(Spatial localization data)

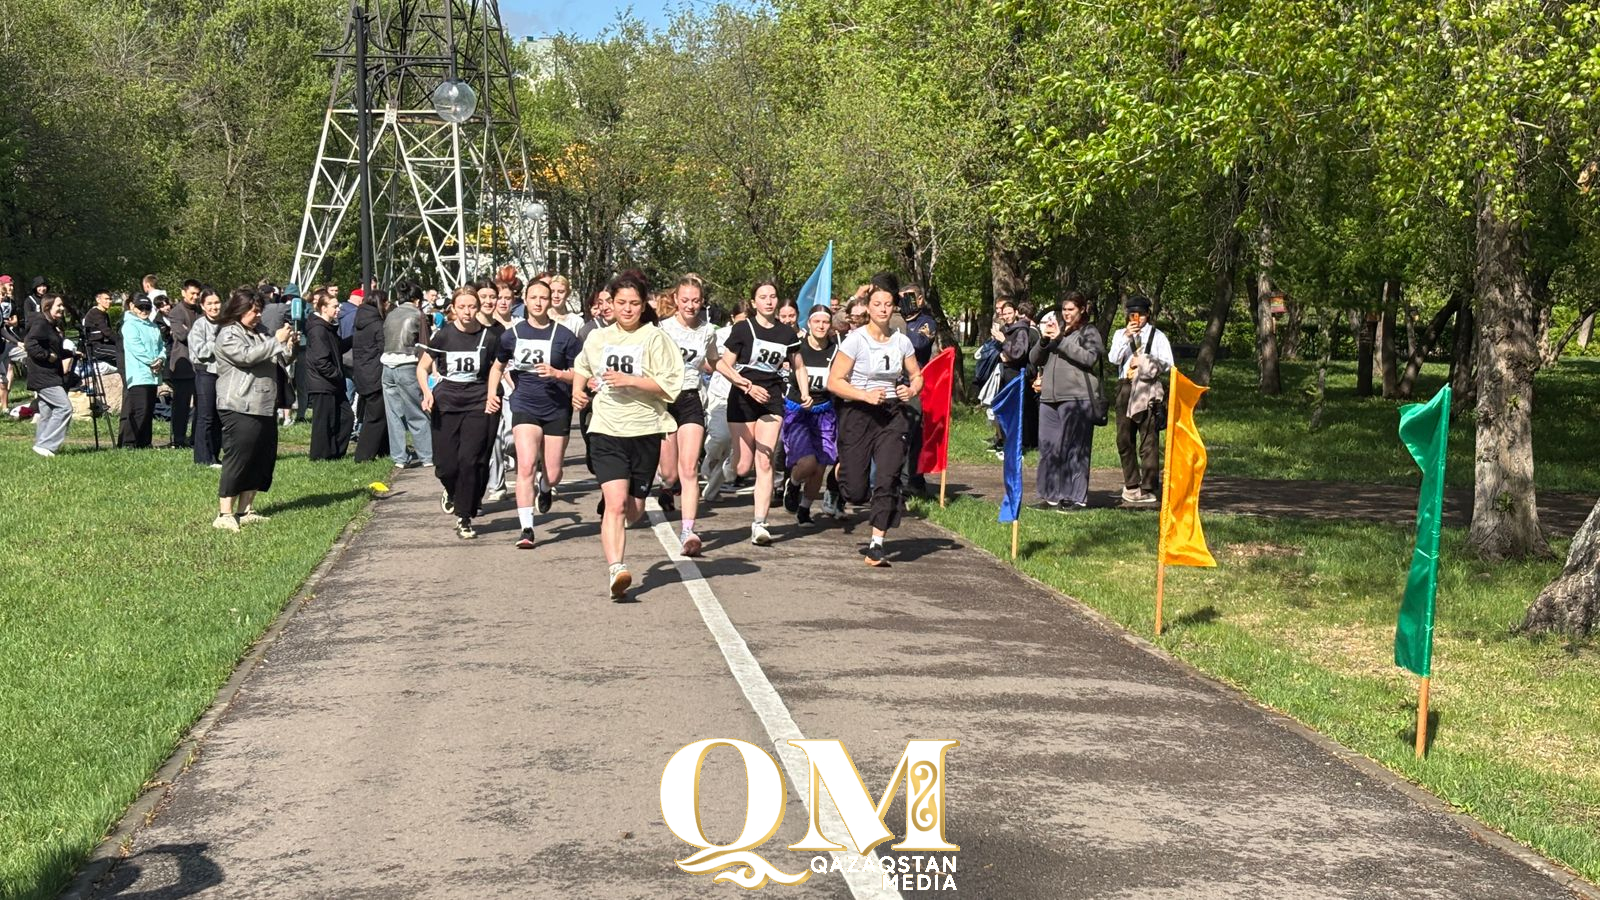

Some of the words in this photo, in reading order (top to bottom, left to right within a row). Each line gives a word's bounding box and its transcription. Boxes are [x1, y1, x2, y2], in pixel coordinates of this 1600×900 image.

[454, 357, 475, 372] 18
[520, 348, 544, 365] 23
[606, 354, 634, 374] 98
[758, 348, 781, 365] 38
[882, 355, 890, 370] 1

- **What is required**
Could you retype all the entries exactly, skipping the pictures?

- **Result**
Some of the words in this photo, in reading order (top to bottom, left to right within a row). Each line gives a word's bounding box and its transcription. Boxes are [x1, y1, x2, y2], in pixel coordinates of this 1600×900 image.

[454, 357, 475, 372] 18
[520, 348, 544, 365] 23
[606, 354, 634, 374] 98
[758, 348, 781, 365] 38
[882, 355, 890, 370] 1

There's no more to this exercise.